Due to certain whereabouts this text about Culture Jamming and Semiotic Hacking got lost on its way to vienna… So ‚monochrom #26-34 – Ye Olde Self-Referentiality‘ is missing it… For your pleasure it is blogged below, probably in poor english 😉
The Lentos Kunstmuseum in Linz, Austria, is located on the right side of the river Donau, vis-à-vis the Ars Electronica Center. Due to this geographical axis the idyllic small town is supercharged with digital chique, postmodernism and global communication. The perfect place for the exhibition ‘Just Do It! – The subversion of signs from Marcel Duchamp to Prada Meinhof’, which took place in spring 2005. Here the history of Culture Jamming, the deconstruction, appropriation and détournement of signs, was compiled for the first time. But what is the properly meaning of that twisted and often used term Culture Jamming?
The term Culture Jamming has been coined by the US-American avantgarde-band Negativland.

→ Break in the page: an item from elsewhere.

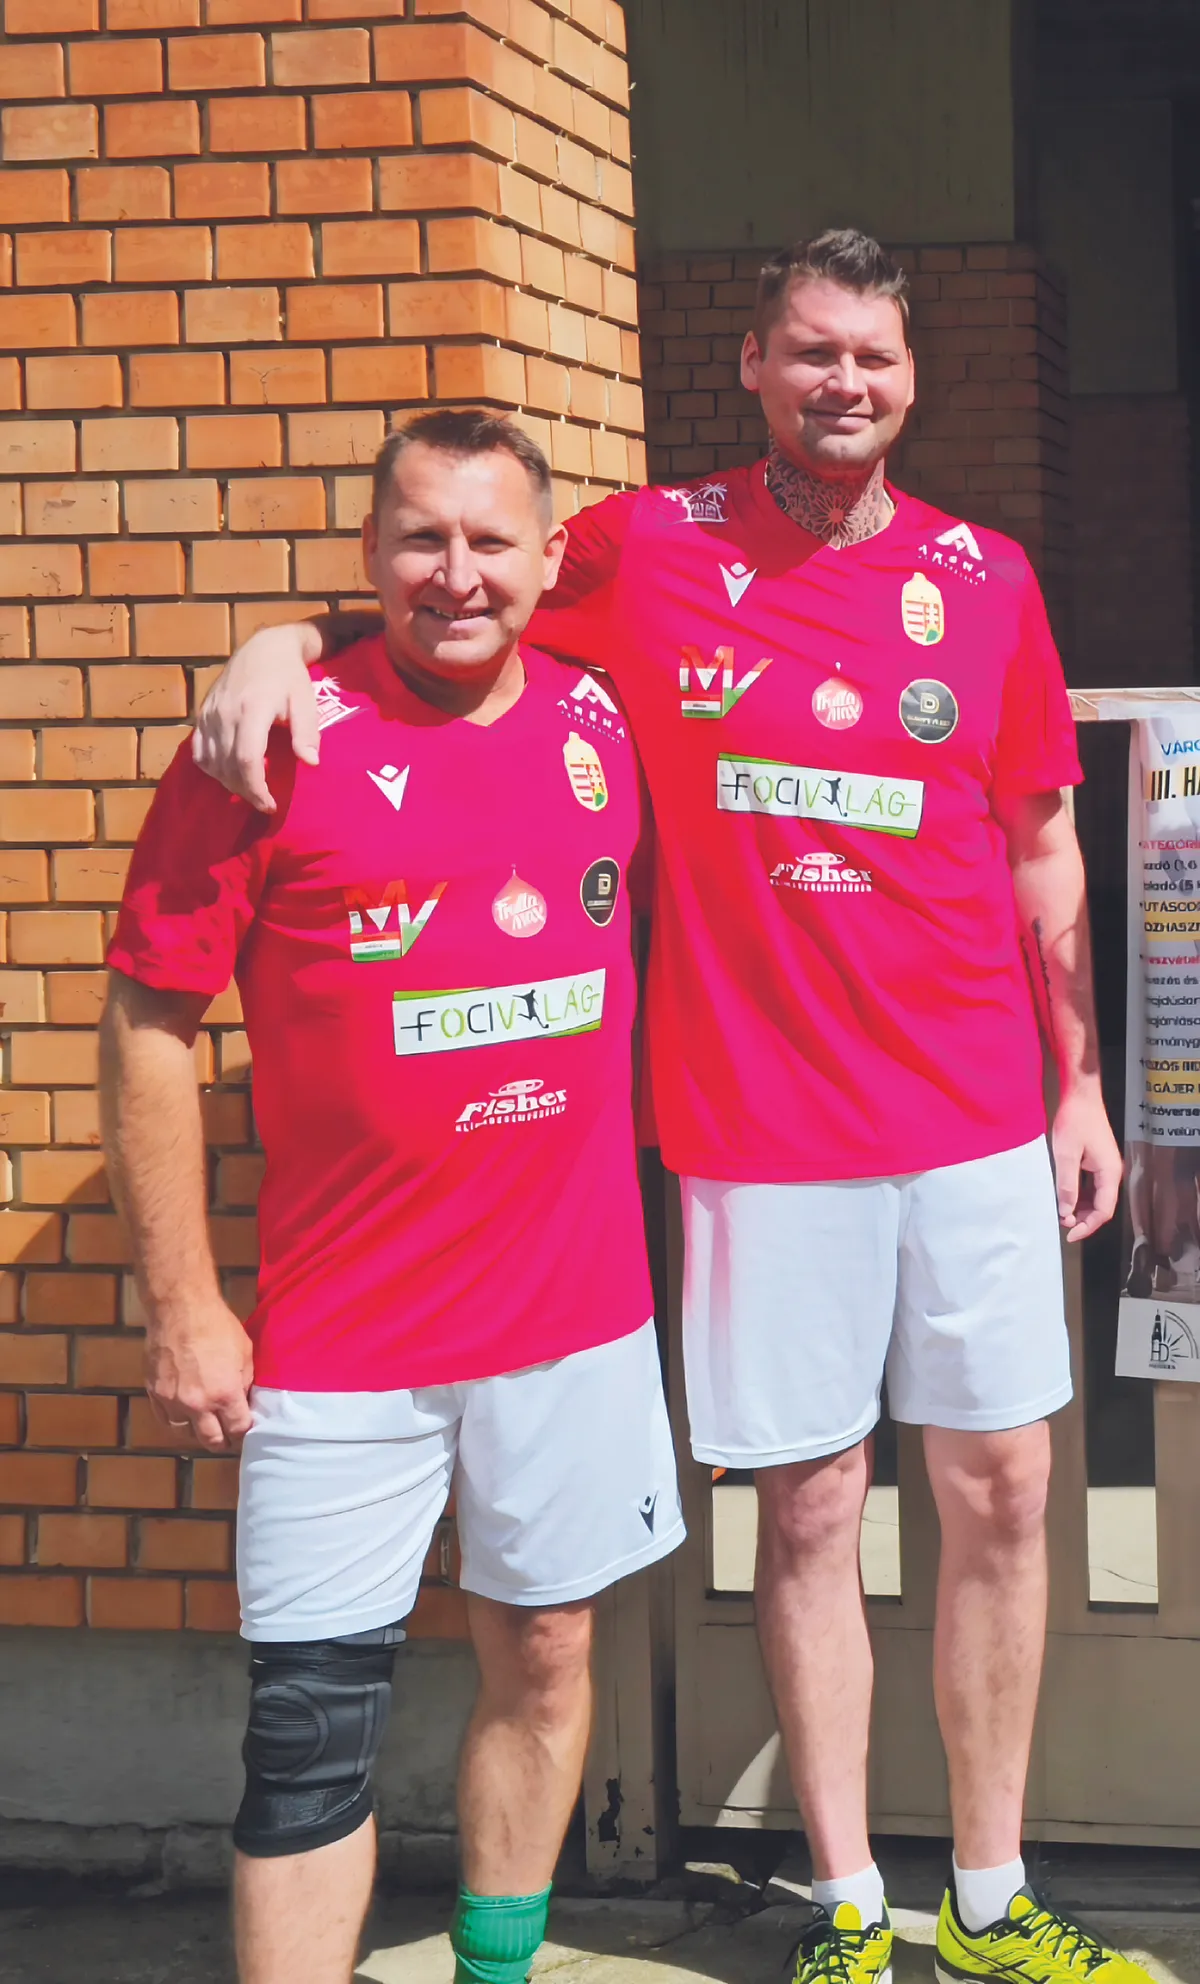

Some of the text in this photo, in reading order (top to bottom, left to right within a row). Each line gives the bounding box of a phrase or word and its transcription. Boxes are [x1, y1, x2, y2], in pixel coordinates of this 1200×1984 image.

[1151, 769, 1176, 801] III.
[770, 862, 872, 882] Fisher
[456, 1089, 567, 1123] Fisher

To jam – which means techniques to limit the effectiveness of an opponent’s communication or detection equipment in a military context – was to Negativland to take existing communication codes and reload them with new meaning. However, this cultural technique is not new, the first known example is Marcel Duchamps „Mona Lisa“, the picture of the Gioconda on which Duchamp has painted a moustache and wrote ‘Elle a chaud au cul – She has a hot ass’ on the lower side of the picture. This is an early jam, let’s say a political jam, because Duchamp changes the semantic perception of the Mona Lisa and was bringing out a deeper truth, like Naomi Klein demands in her book No Logo. The truth that Leonardo da Vinci was gay.
A more current example of Culture Jamming in the Lentos Kunstmuseum was given by the project vote-auction of ubermorgen.com, aka Hans Bernhard and lizvlx, from Austria. To whom – like me – the didactical tension between the exhibits and the exhibition catalog is only a bit of a yawn, it was difficult to decode the ubermorgen.com-installation: Two big black and white prints of symbols containing e.g. the words „The Agency“ and „Vote-Auction“, two giant heaps of paper and a tv-screen playing the CNN-Show „Burden Of Proof“. However, a closer look on the installation turns out, that ubermorgen.com did a spectacular prank, using the American election system:
vote-auction was an internet platform on which American electors were able to sell their votes online during the election George W. Bush vs. Al Gore in the year 2000.
In a web mask the citizens were able to fill in their personal data and offer their vote for sale. Due to the fact that it is highly illegal for American citizens to offer their vote in any way, those people had to be protected. So the data that was filled in the form was erased immediately. It moved into digital nirvana. The whole action was at least a ridiculous game with some pixel ubermorgen.com arranged on the screen, claiming to buy and sell votes online. The highlight of vote-auction was a half-hour CNN-Feature ‘Burden Of Proof’ with seven attorneys, two technicians via video-stream, Hans Bernhard on the telephone and some politicians and journalists in the studio. But ubermorgen.com are insisting on the fact that they don’t have any ideological aim in their actions but doing ‘Researches in the living organism of global communication’.